Bouncing back from a tepid December jobs report, the start of 2014 begins on a much more positive note adding 113,000 jobs to the economy in January. In addition, the Bureau of Labor Statistics revised December’s job numbers upward from 74,000 nonfarm jobs to 113,000. The unemployment rate declined slightly to 6.6%, its lowest level in five years.
The winter weather continues to impact the economy as many workers were unable to report to jobs, and businesses were closed. Bad weather affects the payroll count if employees didn’t receive compensation for the entire pay period that included the 12th of the month.
The construction and manufacturing sectors added 48,000 and 21,000 jobs respectively in January. The mining industry added 7,200 jobs. For the first time since 2003, the healthcare industry cut 400 jobs – this sector has delivered one of the strongest job growth even throughout the recession. Employment in professional and business services continued to trend up in January, gaining 36,000 jobs. Temporary help services added 8,100 jobs in January.
Winter Weather Freezes Manufacturing Orders
U.S. manufacturers were impacted by the cold and snow last month, with orders from customers declining sharply after its four-year high in December. The Institute for Supply Management (ISM) index was 51.3 percent, declining from 56.6 percent in December and marking its lowest level in eight months. The drop can be largely attributed to the largest one-month reversal in new orders since December 1980, with the new-orders index plunging 13.2 points to 51.2 percent.
In addition, the ISM employment gauge, a signal of hiring intentions, fell 3.5 points to 52.3 percent. However, any reading over 50 indicates more manufacturers are expanding as opposed to contracting.
2014 May Be Breakout Year for Hiring
Recent improvements in job gains and stock market highs are indicative of a strengthening U.S. economy, which had led many economists to project job growth to increase throughout 2014. Predictions the U.S. economic growth could accelerate to 2.8 percent in 2014 from 1.9 percent in 2013 were made at the 2014 World Economic Forum held recently. Industries such as energy, healthcare, technology and manufacturing are expected to post solid increases in job opportunities, and thus are helping to drive economic growth.
Randstad recently released its own projections for hiring in several hot sectors, based on feedback from its thousands of recruiters and market trend analysis, such as:
Technology Hot Jobs:
-Mobile Application Developer
-Big Data and Cloud Computing Professionals
-Web Developer (especially around social media)
Manufacturing & Logistics Hot Jobs:
Office & Administration Hot Jobs:
-Customer Service Representative
Healthcare Hot Jobs:
-Physicians: Hospitalist, Primary Care Physician, Emergency Medicine Physician
-Nursing & Allied Professionals: Registered Nurse, Pharmacist, Medical Assistant
Finance & Accounting Hot Jobs:
-Manager Level Accountant
-Internal Auditors/Public Accountant
Check out the full list of 2014 hot jobs here.

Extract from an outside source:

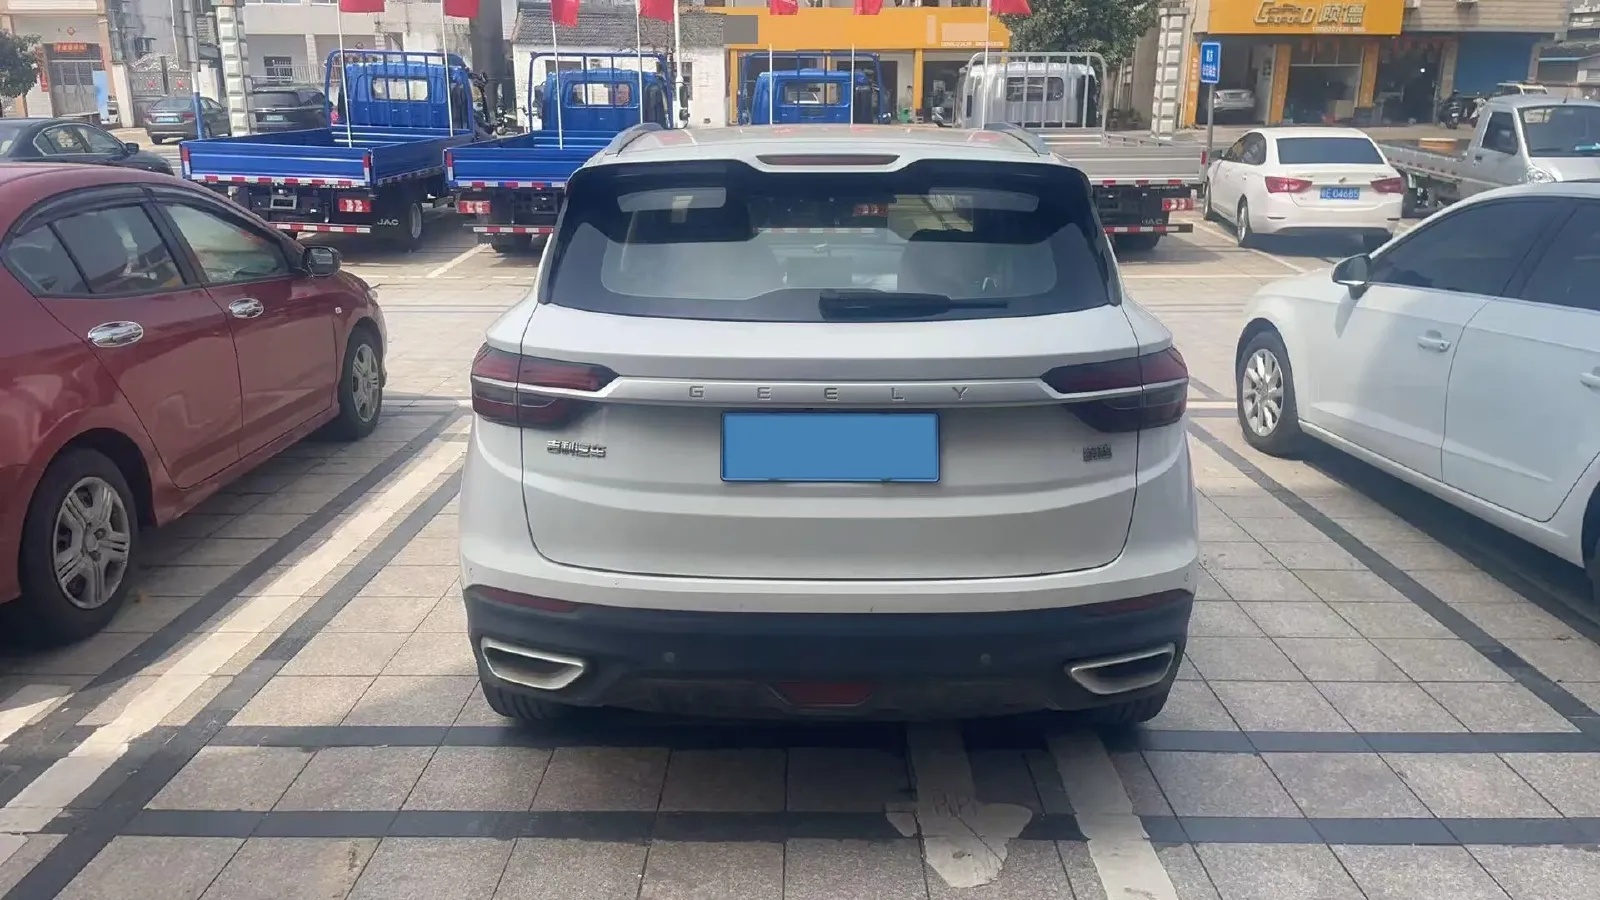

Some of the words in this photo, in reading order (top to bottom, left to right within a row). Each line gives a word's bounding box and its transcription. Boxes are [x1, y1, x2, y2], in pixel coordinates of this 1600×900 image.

[375, 216, 399, 226] JAC
[688, 385, 968, 401] GEELY
[547, 440, 607, 458] 吉利汽车

Employee Confidence Levels Gaining Momentum
The most recent Randstad U.S. Employee Confidence Index finds a continued positive outlook among U.S. workers this month. The Index, which measures sentiment around employers, job prospects and the economy, reached 56.7 points in January – a five-month high since August of 2013. Nearly one-third of workers say they are positive about economic outlook, a significant uptick from the 20 percent reading during the October government shutdown.
Similar improvements were seen in the Consumer Confidence Index released by the Conference Board, which increased again in January to 80.7, up from 77.5 in December. Consumers’ assessment of current business conditions and the job market are more favorable than previous months, while expectations for the economy and their earnings in the future were also positive.